■ **Requirement**
The records below are to be reproduced exactly, and no picture should appear in the copy.

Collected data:
============================================================
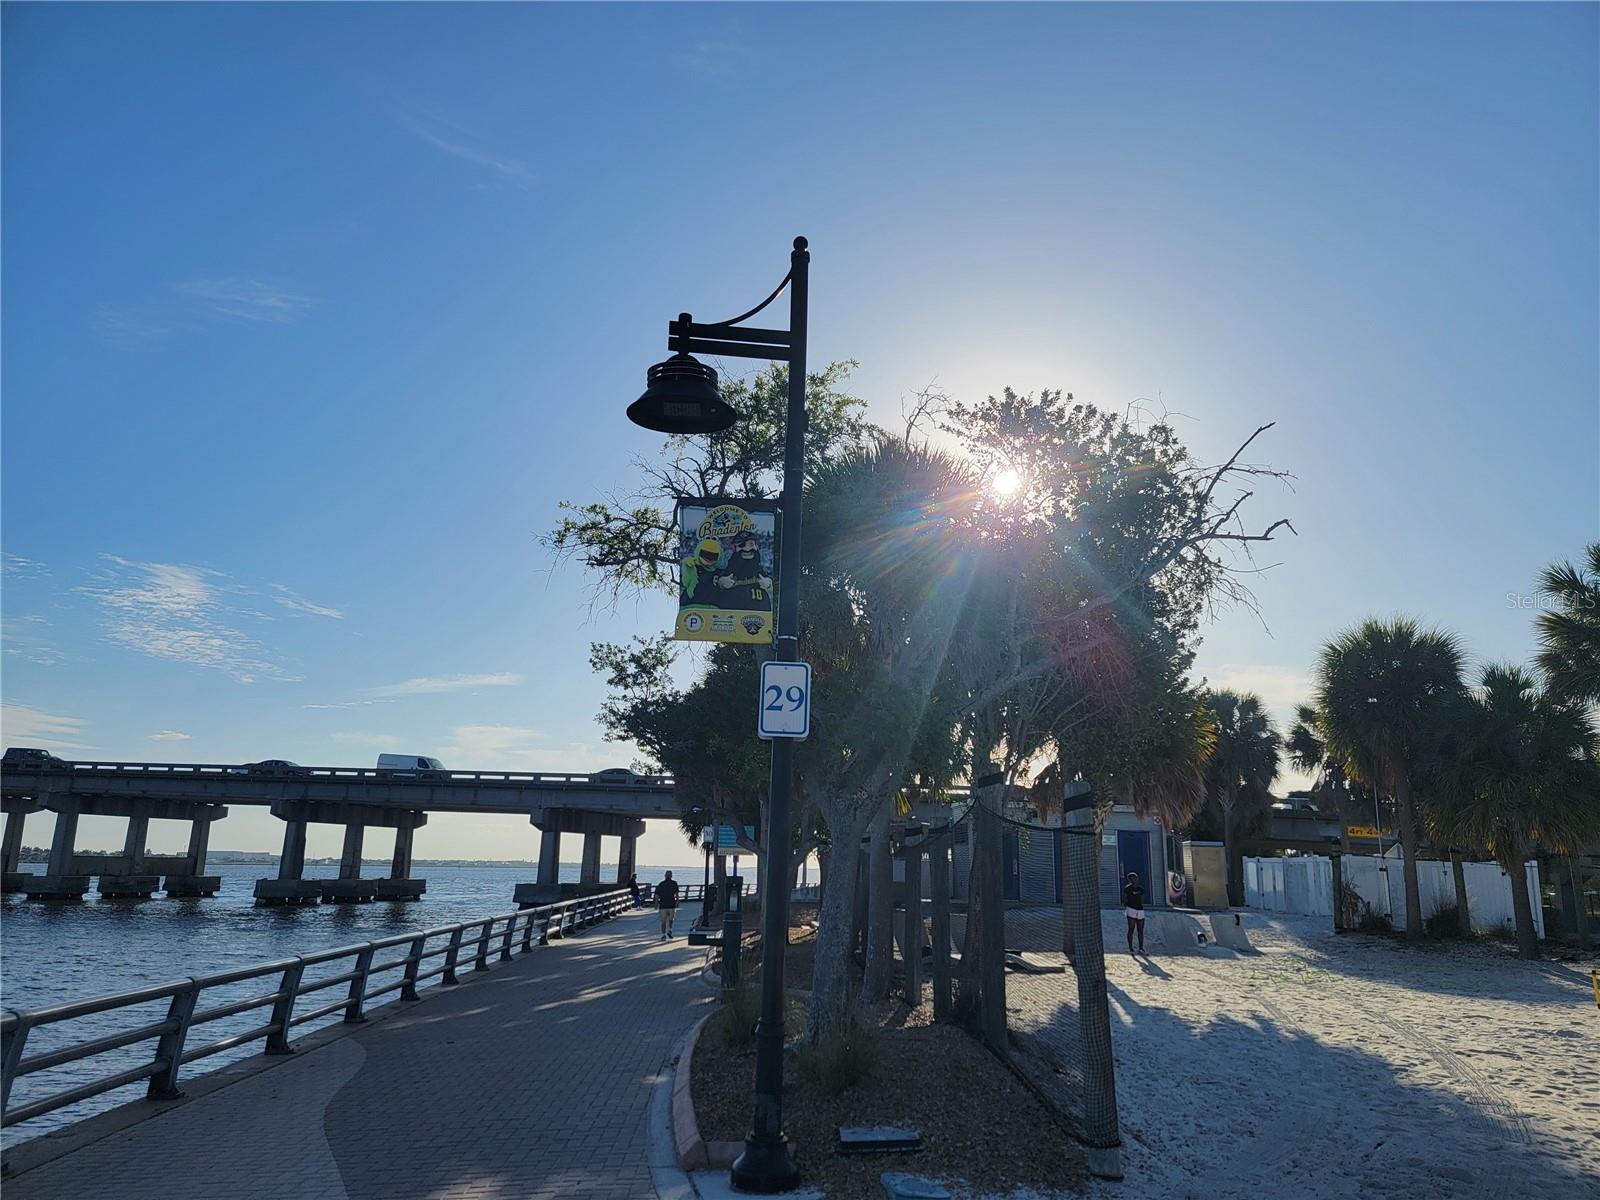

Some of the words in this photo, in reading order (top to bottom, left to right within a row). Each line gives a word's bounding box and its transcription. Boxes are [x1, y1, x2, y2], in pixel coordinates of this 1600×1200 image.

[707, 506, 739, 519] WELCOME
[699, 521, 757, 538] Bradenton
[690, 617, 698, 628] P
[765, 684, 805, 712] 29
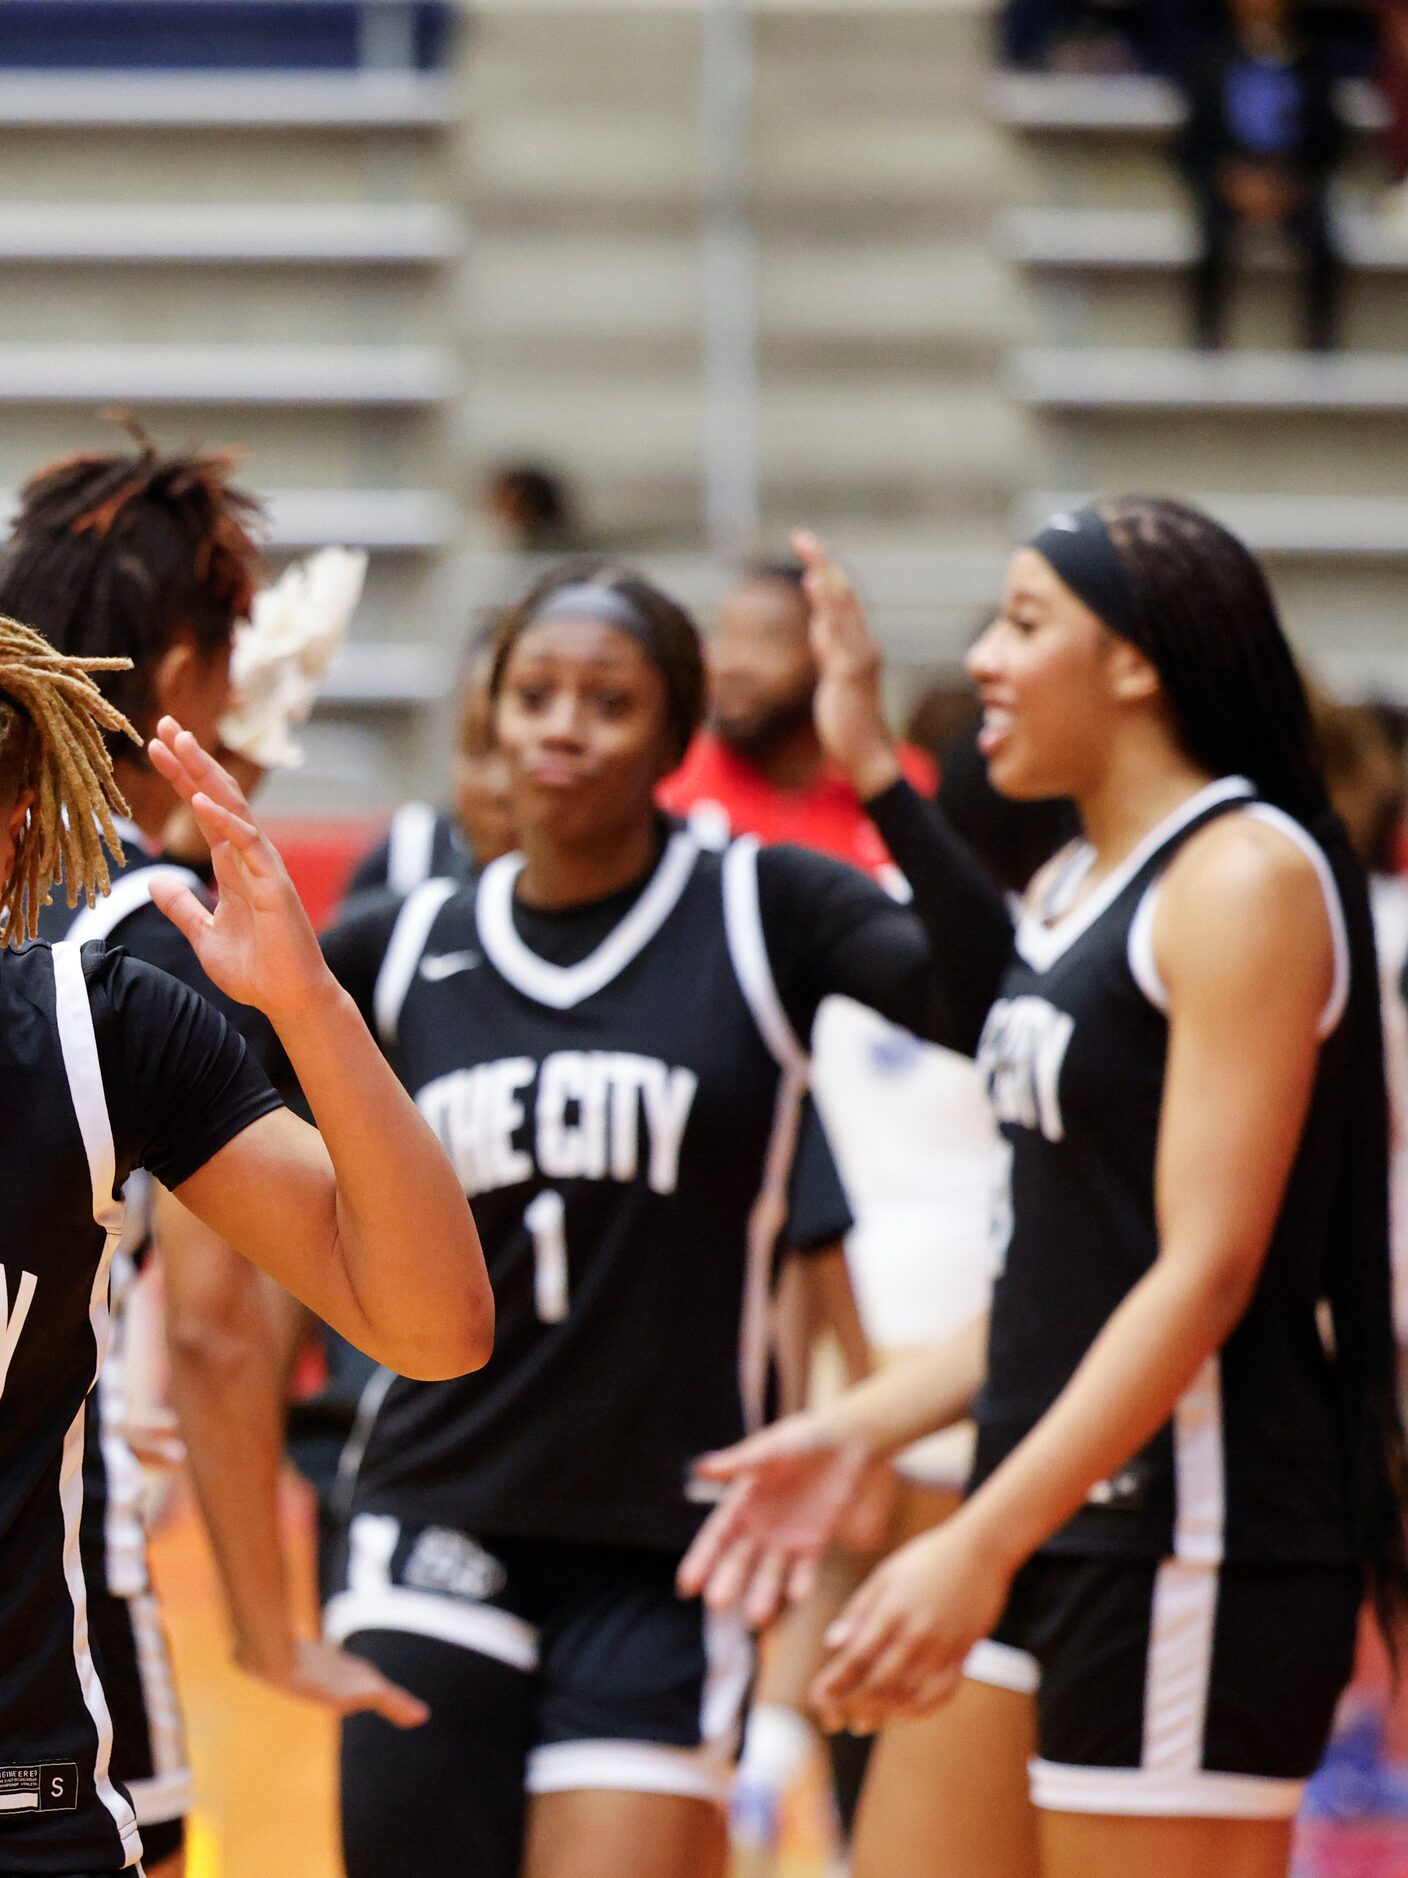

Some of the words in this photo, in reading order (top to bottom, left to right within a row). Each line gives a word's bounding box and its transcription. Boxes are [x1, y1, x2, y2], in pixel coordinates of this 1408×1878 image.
============================================================
■ **Your solution**
Some of the words in this photo, in reading order (top to bottom, left to right within a row). Each line gives a word's bounding box and its transcription. Boxes are [x1, y1, x2, y2], in pixel coordinates of this 1600×1200 image.

[707, 506, 739, 519] WELCOME
[699, 521, 757, 538] Bradenton
[690, 617, 698, 628] P
[765, 684, 805, 712] 29

Some of the words in this photo, in reading order (top to bottom, left to right within a row). Each line gives a word's bounding box and its transcription. Boxes are [x1, y1, x2, y2], in pixel coordinates of this 1408×1878 image.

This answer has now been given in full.